Machinery and construction: UCO, a machinery rental company, previously relied on manual measurements and guesswork to manage fuel across multiple sites. Since deploying Soolo, tank status updates automatically every day and staff no longer need to think about it. "Previously there was a lot of chaos," says Department Manager Rune Eriksen. "Now I don't even think about them. Soolo just works."

Rail and infrastructure: Bane NOR, the Norwegian state railway operator, uses Soolo sensors to monitor tanks containing lubricants, acids, cleaning agents, and other operational fluids across its workshop facilities. Automated alerts notify staff and suppliers when levels are low, preventing production disruptions and eliminating manual site visits entirely.

These cases illustrate a consistent pattern. Across fuel distribution, industrial operations, and infrastructure management, the shift to real-time tank monitoring delivers lower costs, fewer emergencies, and better planning.

The Business Case for IoT Tank Monitoring

The numbers make the decision straightforward.

Without real-time monitoring, tank truck utilisation in fuel distribution can be as low as 50 percent. That means half of all transport capacity, driver hours, and fuel burned in logistics is wasted. With demand-driven route planning based on live tank data, that utilisation rises sharply and transport costs fall significantly.

At the same time, the cost of getting it wrong is high. A single empty-tank incident at an industrial facility can cost upwards of 50,000 Norwegian kroner. Across a network of sites, the cumulative risk is substantial.

Against this, the cost of a sensor with a five-year battery life, transmitting 100 kilobytes of data per month over a managed IoT connection, is minimal. The return on investment is not a marginal improvement. It is a structural change in how the business operates.
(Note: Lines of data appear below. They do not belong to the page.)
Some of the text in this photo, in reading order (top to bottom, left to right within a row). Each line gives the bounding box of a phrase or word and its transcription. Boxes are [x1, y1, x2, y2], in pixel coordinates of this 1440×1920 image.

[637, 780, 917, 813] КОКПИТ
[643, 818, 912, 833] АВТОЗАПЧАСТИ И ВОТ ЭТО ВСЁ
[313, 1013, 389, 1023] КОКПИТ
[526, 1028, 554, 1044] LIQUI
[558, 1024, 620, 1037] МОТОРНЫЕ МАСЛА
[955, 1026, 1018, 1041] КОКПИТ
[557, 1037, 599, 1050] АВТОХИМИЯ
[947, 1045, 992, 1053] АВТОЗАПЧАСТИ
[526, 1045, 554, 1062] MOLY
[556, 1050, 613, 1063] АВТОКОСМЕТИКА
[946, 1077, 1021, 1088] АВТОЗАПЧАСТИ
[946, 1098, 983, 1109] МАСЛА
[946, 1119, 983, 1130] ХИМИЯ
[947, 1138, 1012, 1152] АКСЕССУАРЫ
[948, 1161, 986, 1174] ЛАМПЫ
Submersible pressure sensor for liquid level monitoring in tanks, basins, and reservoirs. The sensor measures hydrostatic pressure to calculate liquid level and volume, is resistant to gasoline, diesel, oil, and AdBlue®, and connects directly to the Soolo Master system.

Who Benefits from IoT Connectivity for Tank Monitoring?
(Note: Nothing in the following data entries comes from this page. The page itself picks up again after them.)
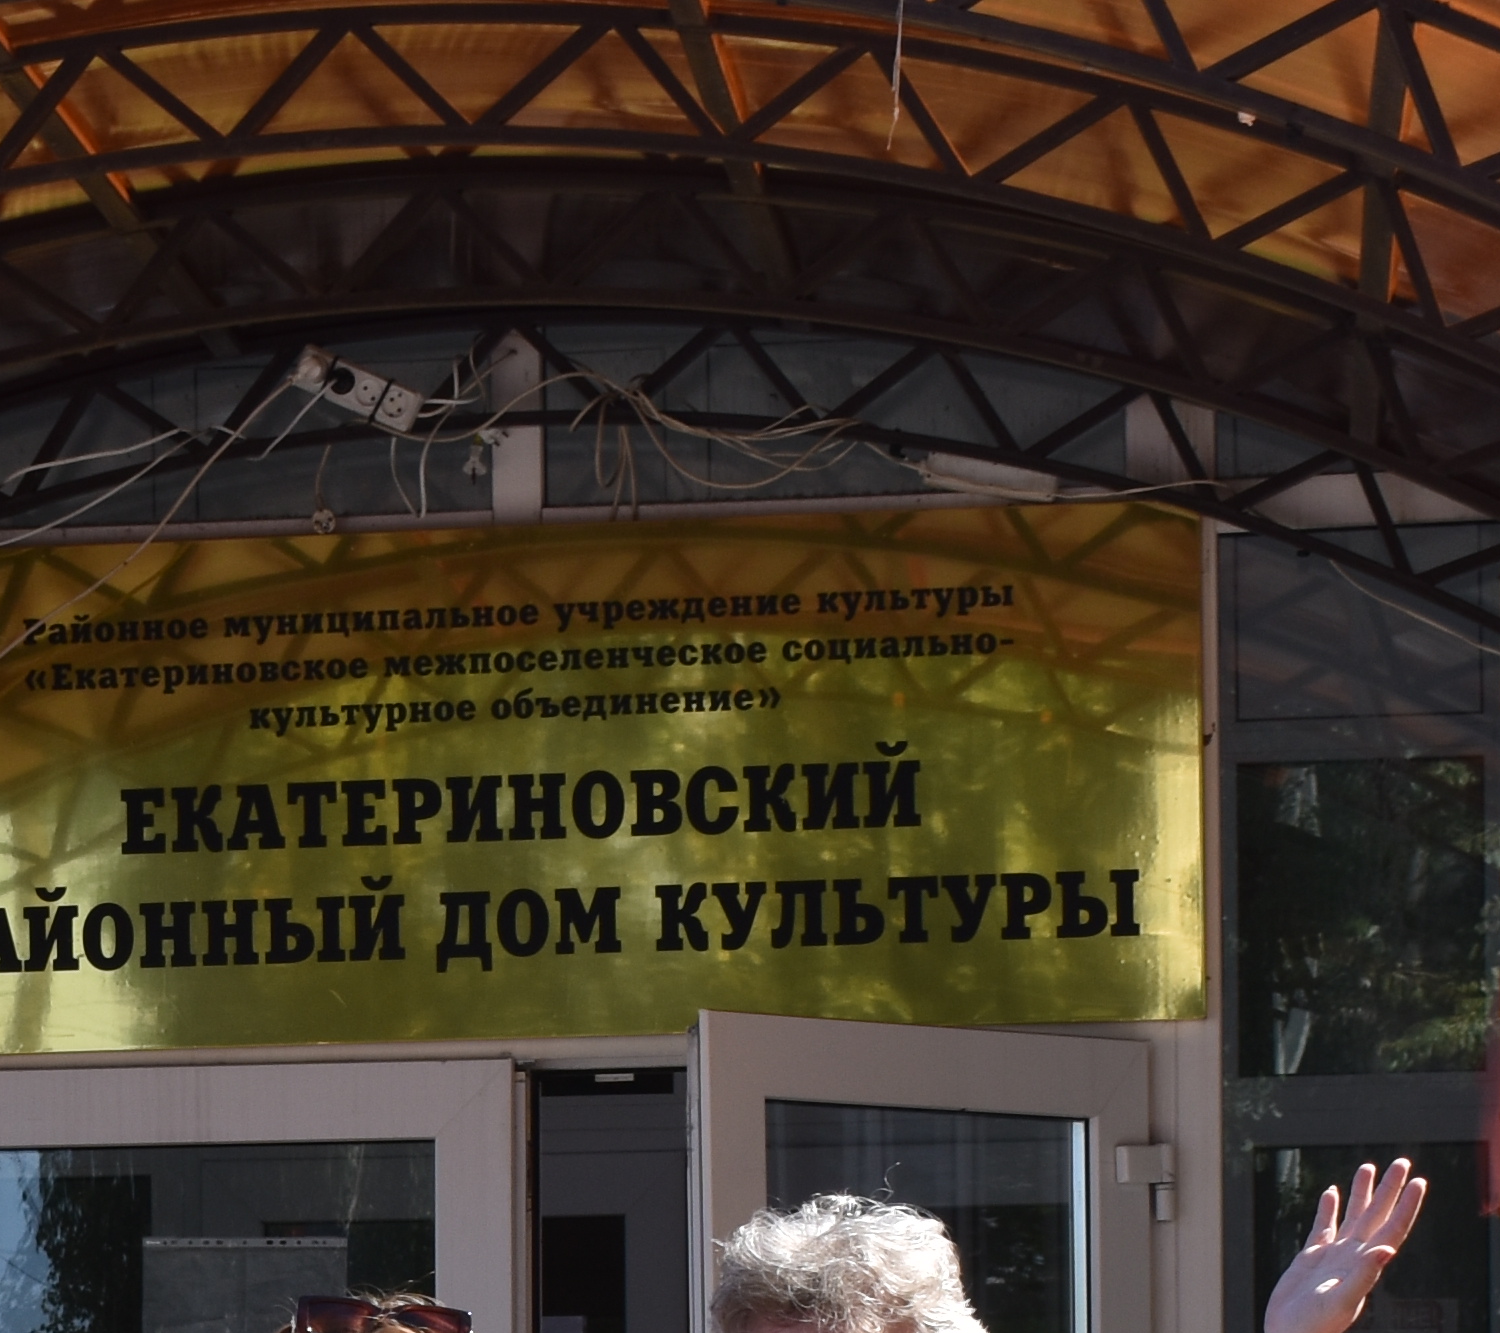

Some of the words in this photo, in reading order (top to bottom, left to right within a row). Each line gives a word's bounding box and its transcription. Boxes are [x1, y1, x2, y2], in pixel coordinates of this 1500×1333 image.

[23, 615, 208, 646] Районное
[224, 604, 538, 644] муниципальное
[554, 592, 801, 632] учреждение
[817, 584, 1014, 617] культуры
[25, 654, 369, 694] «Екатериновское
[384, 641, 767, 677] межпоселенческое
[782, 631, 1015, 664] социально-
[250, 697, 476, 736] культурное
[491, 686, 781, 722] объединение»
[121, 741, 921, 854] ЕКАТЕРИНОВСКИЙ
[436, 886, 621, 972] ДОМ
[655, 869, 1141, 952] КУЛЬТУРЫ
Remote tank monitoring with pressure sensors and IoT connectivity is suitable across a wide range of sectors and applications, including diesel tanks on farms and construction sites, water tanks in remote facilities and waterworks, chemical storage in industrial settings, sludge and septic tanks in waste management, lubricant and operational fluid tanks in rail and manufacturing, and heating oil tanks for residential and commercial distribution.
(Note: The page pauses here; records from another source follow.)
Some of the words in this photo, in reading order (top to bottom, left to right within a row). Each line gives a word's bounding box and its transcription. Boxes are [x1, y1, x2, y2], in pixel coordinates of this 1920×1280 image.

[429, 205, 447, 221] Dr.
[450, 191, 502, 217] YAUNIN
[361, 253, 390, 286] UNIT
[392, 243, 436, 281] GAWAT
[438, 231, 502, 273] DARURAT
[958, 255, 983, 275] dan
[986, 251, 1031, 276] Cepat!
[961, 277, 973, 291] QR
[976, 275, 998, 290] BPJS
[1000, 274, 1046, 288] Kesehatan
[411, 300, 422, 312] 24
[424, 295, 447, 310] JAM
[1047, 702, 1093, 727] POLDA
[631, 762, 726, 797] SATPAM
Anywhere that a liquid level matters, and where knowing that level in real time would improve decisions, the case for IoT tank monitoring is clear.

What to Look for in an IoT Connectivity Partner

Deploying tank monitoring at scale requires more than a sensor and a SIM card. The connectivity layer needs to be designed for the specific demands of IoT, including low power consumption, deep penetration in difficult environments, global or regional roaming capability, and reliable technical support.

Com4's IoT connectivity platform is built around these requirements. With support for NB-IoT, LTE-M, and multi-IMSI solutions, Com4 provides the infrastructure that makes real-time tank monitoring work in practice, not just in theory.

For companies operating in the energy and utilities sector, Com4 brings deep sector knowledge alongside technical capability, making it a partner rather than simply a supplier.

The Future of Fuel Distribution Is Data-Driven

The fuel distribution industry is at a turning point. Fixed routes, manual measurements, and reactive logistics are giving way to demand-driven planning, predictive replenishment, and guaranteed service levels. The technology to make this transition is available today, proven in the field, and delivering measurable results.

Soolo and Com4 are at the centre of this shift in Norway and across Europe. Together, they provide the complete stack that fuel distributors, industrial operators, and utilities need to move from uncertainty to control.

The best tank is the one nobody has to think about, because the data is always there, the alert fires before a problem occurs, and the driver arrives exactly when needed.

That is what IoT connectivity for fuel distribution makes possible.